---- LISTED RECORDS

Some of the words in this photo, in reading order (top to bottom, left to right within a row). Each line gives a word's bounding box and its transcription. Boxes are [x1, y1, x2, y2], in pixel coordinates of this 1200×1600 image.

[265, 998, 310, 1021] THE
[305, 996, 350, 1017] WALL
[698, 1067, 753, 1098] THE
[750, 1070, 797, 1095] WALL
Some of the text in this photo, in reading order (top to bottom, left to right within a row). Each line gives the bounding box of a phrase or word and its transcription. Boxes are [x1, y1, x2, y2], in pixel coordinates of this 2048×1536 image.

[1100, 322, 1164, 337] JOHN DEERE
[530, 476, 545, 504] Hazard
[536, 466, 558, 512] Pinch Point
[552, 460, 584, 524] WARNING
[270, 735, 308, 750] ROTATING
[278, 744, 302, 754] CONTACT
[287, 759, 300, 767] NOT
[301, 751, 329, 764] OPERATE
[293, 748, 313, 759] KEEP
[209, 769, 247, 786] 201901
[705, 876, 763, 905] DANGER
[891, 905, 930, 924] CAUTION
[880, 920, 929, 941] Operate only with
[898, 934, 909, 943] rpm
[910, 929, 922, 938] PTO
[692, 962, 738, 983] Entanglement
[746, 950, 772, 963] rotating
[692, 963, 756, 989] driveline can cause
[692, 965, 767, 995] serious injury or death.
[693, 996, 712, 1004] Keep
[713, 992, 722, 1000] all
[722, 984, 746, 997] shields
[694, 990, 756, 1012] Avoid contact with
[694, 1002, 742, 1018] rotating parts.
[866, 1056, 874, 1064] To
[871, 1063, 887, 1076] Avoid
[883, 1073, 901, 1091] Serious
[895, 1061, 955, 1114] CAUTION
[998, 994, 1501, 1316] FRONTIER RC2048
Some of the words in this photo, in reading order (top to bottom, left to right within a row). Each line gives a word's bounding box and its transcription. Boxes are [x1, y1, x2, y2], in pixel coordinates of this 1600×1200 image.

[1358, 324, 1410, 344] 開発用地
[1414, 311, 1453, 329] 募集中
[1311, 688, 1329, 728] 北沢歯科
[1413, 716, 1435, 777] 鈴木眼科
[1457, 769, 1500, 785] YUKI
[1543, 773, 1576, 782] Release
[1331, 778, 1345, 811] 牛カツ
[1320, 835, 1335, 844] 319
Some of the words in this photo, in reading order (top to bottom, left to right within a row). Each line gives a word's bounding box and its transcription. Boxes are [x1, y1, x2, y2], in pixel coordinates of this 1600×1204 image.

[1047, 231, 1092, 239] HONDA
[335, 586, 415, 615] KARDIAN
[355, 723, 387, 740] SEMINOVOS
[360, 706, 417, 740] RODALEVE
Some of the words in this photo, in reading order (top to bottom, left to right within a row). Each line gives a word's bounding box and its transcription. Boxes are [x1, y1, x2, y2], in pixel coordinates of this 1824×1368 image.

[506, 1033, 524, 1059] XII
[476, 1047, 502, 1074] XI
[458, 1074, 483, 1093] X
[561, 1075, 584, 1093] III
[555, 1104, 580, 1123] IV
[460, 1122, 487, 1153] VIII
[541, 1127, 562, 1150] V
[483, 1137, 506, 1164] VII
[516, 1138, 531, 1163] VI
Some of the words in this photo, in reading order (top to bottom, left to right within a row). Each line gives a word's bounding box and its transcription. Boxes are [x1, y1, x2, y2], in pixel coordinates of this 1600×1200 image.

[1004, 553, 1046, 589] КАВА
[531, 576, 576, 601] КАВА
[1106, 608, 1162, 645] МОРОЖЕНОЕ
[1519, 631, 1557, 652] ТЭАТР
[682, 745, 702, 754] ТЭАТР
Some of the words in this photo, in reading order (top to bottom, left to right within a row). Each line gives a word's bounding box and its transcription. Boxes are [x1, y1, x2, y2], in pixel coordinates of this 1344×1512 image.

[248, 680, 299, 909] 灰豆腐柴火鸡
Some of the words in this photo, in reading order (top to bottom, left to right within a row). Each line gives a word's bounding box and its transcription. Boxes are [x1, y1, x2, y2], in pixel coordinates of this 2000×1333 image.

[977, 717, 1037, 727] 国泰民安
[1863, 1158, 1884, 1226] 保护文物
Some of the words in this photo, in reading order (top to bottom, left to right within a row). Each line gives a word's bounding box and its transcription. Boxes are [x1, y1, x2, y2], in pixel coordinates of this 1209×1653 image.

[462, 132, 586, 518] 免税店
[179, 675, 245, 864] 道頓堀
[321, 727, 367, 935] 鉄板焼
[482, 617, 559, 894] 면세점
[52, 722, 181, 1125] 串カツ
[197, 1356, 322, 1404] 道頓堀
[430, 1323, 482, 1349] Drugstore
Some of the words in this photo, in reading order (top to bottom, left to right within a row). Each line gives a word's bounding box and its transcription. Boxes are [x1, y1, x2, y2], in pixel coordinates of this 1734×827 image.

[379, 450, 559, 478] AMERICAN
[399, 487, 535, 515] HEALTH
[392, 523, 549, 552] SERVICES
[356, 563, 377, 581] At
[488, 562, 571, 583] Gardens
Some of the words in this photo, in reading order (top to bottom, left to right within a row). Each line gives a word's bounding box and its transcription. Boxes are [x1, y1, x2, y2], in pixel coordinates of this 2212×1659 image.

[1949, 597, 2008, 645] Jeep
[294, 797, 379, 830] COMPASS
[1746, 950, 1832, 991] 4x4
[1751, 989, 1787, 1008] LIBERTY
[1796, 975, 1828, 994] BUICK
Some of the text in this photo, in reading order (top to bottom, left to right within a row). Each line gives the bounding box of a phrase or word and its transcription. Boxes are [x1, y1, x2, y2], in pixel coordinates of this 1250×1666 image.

--------

* ACTIVITY *
Each line of the data above is to be duplicated exactly.

* ANSWER FOR THIS EXERCISE *
Some of the words in this photo, in reading order (top to bottom, left to right within a row). Each line gives a word's bounding box and its transcription. Boxes are [x1, y1, x2, y2], in pixel coordinates of this 1200×1600 image.

[265, 998, 310, 1021] THE
[305, 996, 350, 1017] WALL
[698, 1067, 753, 1098] THE
[750, 1070, 797, 1095] WALL
Some of the text in this photo, in reading order (top to bottom, left to right within a row). Each line gives the bounding box of a phrase or word and its transcription. Boxes are [x1, y1, x2, y2], in pixel coordinates of this 2048×1536 image.

[1100, 322, 1164, 337] JOHN DEERE
[530, 476, 545, 504] Hazard
[536, 466, 558, 512] Pinch Point
[552, 460, 584, 524] WARNING
[270, 735, 308, 750] ROTATING
[278, 744, 302, 754] CONTACT
[287, 759, 300, 767] NOT
[301, 751, 329, 764] OPERATE
[293, 748, 313, 759] KEEP
[209, 769, 247, 786] 201901
[705, 876, 763, 905] DANGER
[891, 905, 930, 924] CAUTION
[880, 920, 929, 941] Operate only with
[898, 934, 909, 943] rpm
[910, 929, 922, 938] PTO
[692, 962, 738, 983] Entanglement
[746, 950, 772, 963] rotating
[692, 963, 756, 989] driveline can cause
[692, 965, 767, 995] serious injury or death.
[693, 996, 712, 1004] Keep
[713, 992, 722, 1000] all
[722, 984, 746, 997] shields
[694, 990, 756, 1012] Avoid contact with
[694, 1002, 742, 1018] rotating parts.
[866, 1056, 874, 1064] To
[871, 1063, 887, 1076] Avoid
[883, 1073, 901, 1091] Serious
[895, 1061, 955, 1114] CAUTION
[998, 994, 1501, 1316] FRONTIER RC2048
Some of the words in this photo, in reading order (top to bottom, left to right within a row). Each line gives a word's bounding box and its transcription. Boxes are [x1, y1, x2, y2], in pixel coordinates of this 1600×1200 image.

[1358, 324, 1410, 344] 開発用地
[1414, 311, 1453, 329] 募集中
[1311, 688, 1329, 728] 北沢歯科
[1413, 716, 1435, 777] 鈴木眼科
[1457, 769, 1500, 785] YUKI
[1543, 773, 1576, 782] Release
[1331, 778, 1345, 811] 牛カツ
[1320, 835, 1335, 844] 319
Some of the words in this photo, in reading order (top to bottom, left to right within a row). Each line gives a word's bounding box and its transcription. Boxes are [x1, y1, x2, y2], in pixel coordinates of this 1600×1204 image.

[1047, 231, 1092, 239] HONDA
[335, 586, 415, 615] KARDIAN
[355, 723, 387, 740] SEMINOVOS
[360, 706, 417, 740] RODALEVE
Some of the words in this photo, in reading order (top to bottom, left to right within a row). Each line gives a word's bounding box and its transcription. Boxes are [x1, y1, x2, y2], in pixel coordinates of this 1824×1368 image.

[506, 1033, 524, 1059] XII
[476, 1047, 502, 1074] XI
[458, 1074, 483, 1093] X
[561, 1075, 584, 1093] III
[555, 1104, 580, 1123] IV
[460, 1122, 487, 1153] VIII
[541, 1127, 562, 1150] V
[483, 1137, 506, 1164] VII
[516, 1138, 531, 1163] VI
Some of the words in this photo, in reading order (top to bottom, left to right within a row). Each line gives a word's bounding box and its transcription. Boxes are [x1, y1, x2, y2], in pixel coordinates of this 1600×1200 image.

[1004, 553, 1046, 589] КАВА
[531, 576, 576, 601] КАВА
[1106, 608, 1162, 645] МОРОЖЕНОЕ
[1519, 631, 1557, 652] ТЭАТР
[682, 745, 702, 754] ТЭАТР
Some of the words in this photo, in reading order (top to bottom, left to right within a row). Each line gives a word's bounding box and its transcription. Boxes are [x1, y1, x2, y2], in pixel coordinates of this 1344×1512 image.

[248, 680, 299, 909] 灰豆腐柴火鸡
Some of the words in this photo, in reading order (top to bottom, left to right within a row). Each line gives a word's bounding box and its transcription. Boxes are [x1, y1, x2, y2], in pixel coordinates of this 2000×1333 image.

[977, 717, 1037, 727] 国泰民安
[1863, 1158, 1884, 1226] 保护文物
Some of the words in this photo, in reading order (top to bottom, left to right within a row). Each line gives a word's bounding box and its transcription. Boxes are [x1, y1, x2, y2], in pixel coordinates of this 1209×1653 image.

[462, 132, 586, 518] 免税店
[179, 675, 245, 864] 道頓堀
[321, 727, 367, 935] 鉄板焼
[482, 617, 559, 894] 면세점
[52, 722, 181, 1125] 串カツ
[197, 1356, 322, 1404] 道頓堀
[430, 1323, 482, 1349] Drugstore
Some of the words in this photo, in reading order (top to bottom, left to right within a row). Each line gives a word's bounding box and its transcription. Boxes are [x1, y1, x2, y2], in pixel coordinates of this 1734×827 image.

[379, 450, 559, 478] AMERICAN
[399, 487, 535, 515] HEALTH
[392, 523, 549, 552] SERVICES
[356, 563, 377, 581] At
[488, 562, 571, 583] Gardens
Some of the words in this photo, in reading order (top to bottom, left to right within a row). Each line gives a word's bounding box and its transcription. Boxes are [x1, y1, x2, y2], in pixel coordinates of this 2212×1659 image.

[1949, 597, 2008, 645] Jeep
[294, 797, 379, 830] COMPASS
[1746, 950, 1832, 991] 4x4
[1751, 989, 1787, 1008] LIBERTY
[1796, 975, 1828, 994] BUICK
Some of the text in this photo, in reading order (top to bottom, left to right within a row). Each line gives the bounding box of a phrase or word and its transcription. Boxes are [x1, y1, x2, y2], in pixel coordinates of this 1250×1666 image.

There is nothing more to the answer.